Input material:
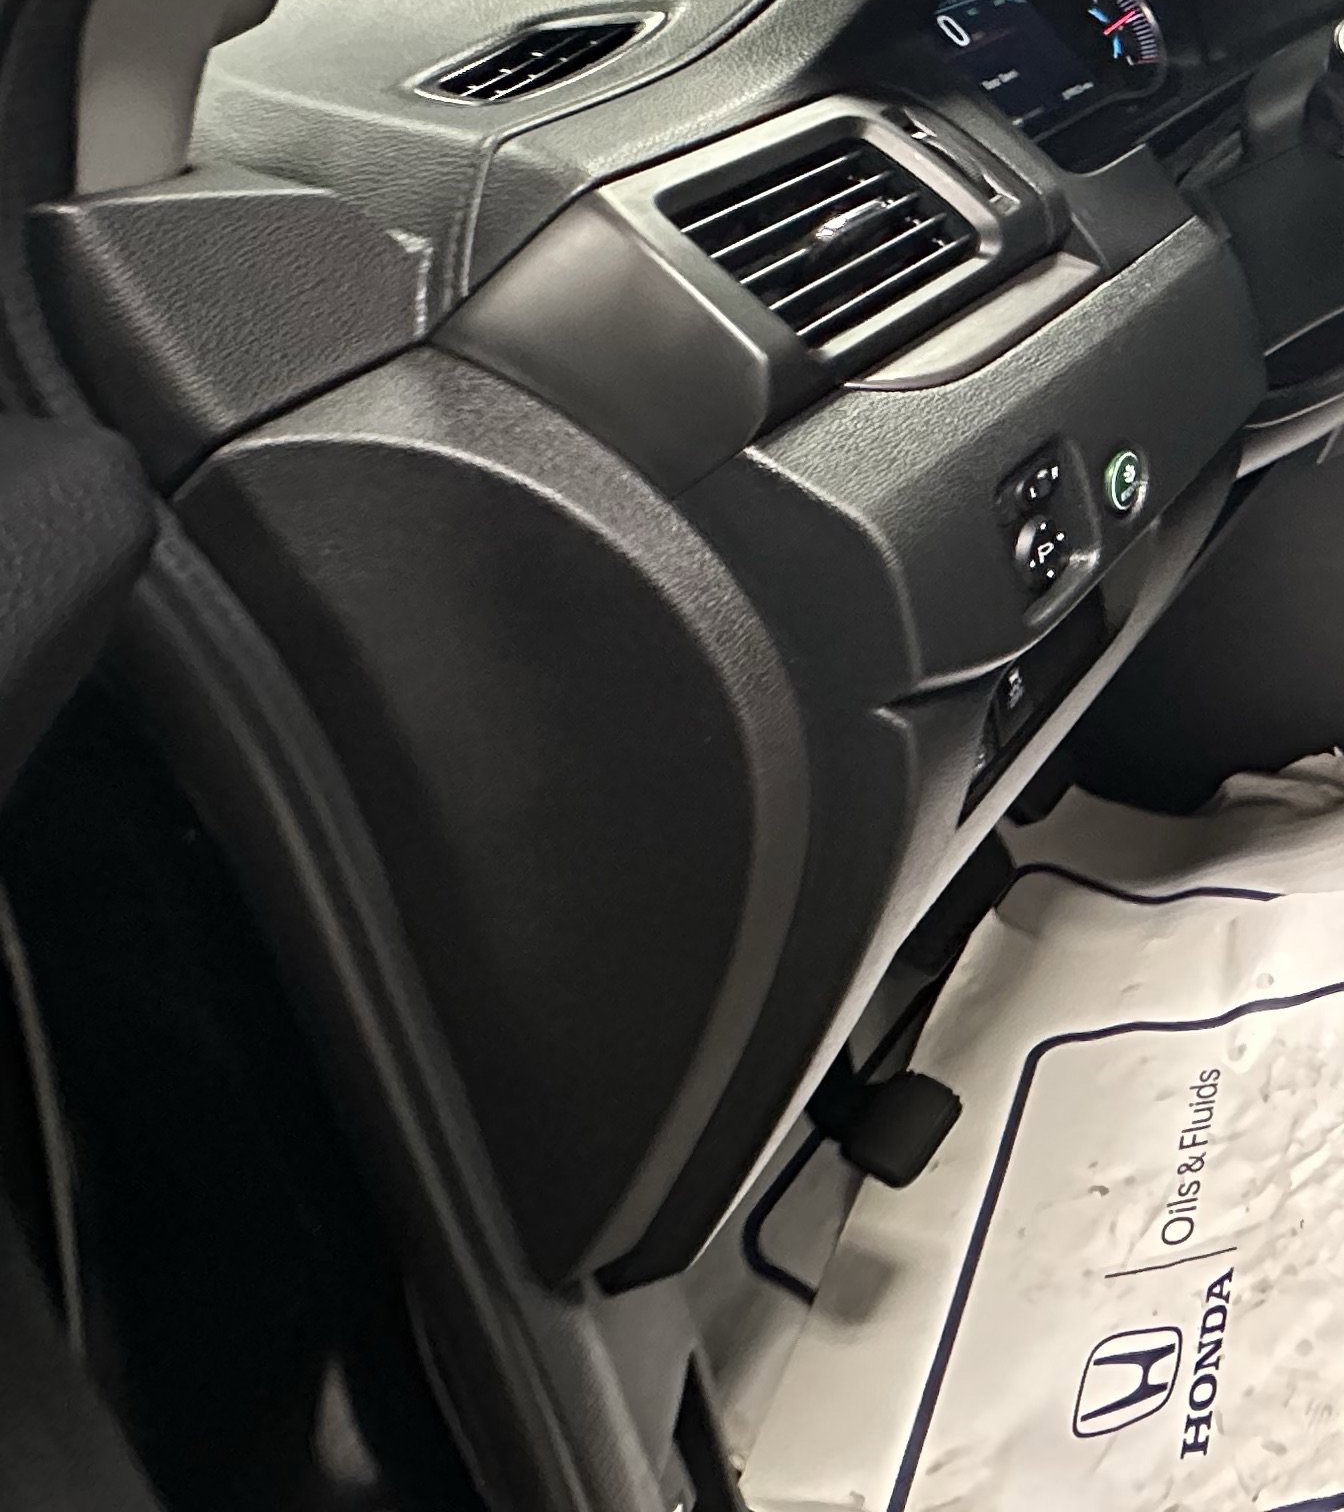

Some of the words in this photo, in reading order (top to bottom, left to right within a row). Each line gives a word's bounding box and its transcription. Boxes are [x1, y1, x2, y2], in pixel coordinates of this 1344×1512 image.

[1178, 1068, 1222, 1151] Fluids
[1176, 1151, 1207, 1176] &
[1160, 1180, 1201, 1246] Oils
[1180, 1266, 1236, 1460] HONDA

Problem description: The preceding entries are to be written out again exactly, with the pictures removed.

Task solution:
Some of the words in this photo, in reading order (top to bottom, left to right within a row). Each line gives a word's bounding box and its transcription. Boxes are [x1, y1, x2, y2], in pixel coordinates of this 1344×1512 image.

[1178, 1068, 1222, 1151] Fluids
[1176, 1151, 1207, 1176] &
[1160, 1180, 1201, 1246] Oils
[1180, 1266, 1236, 1460] HONDA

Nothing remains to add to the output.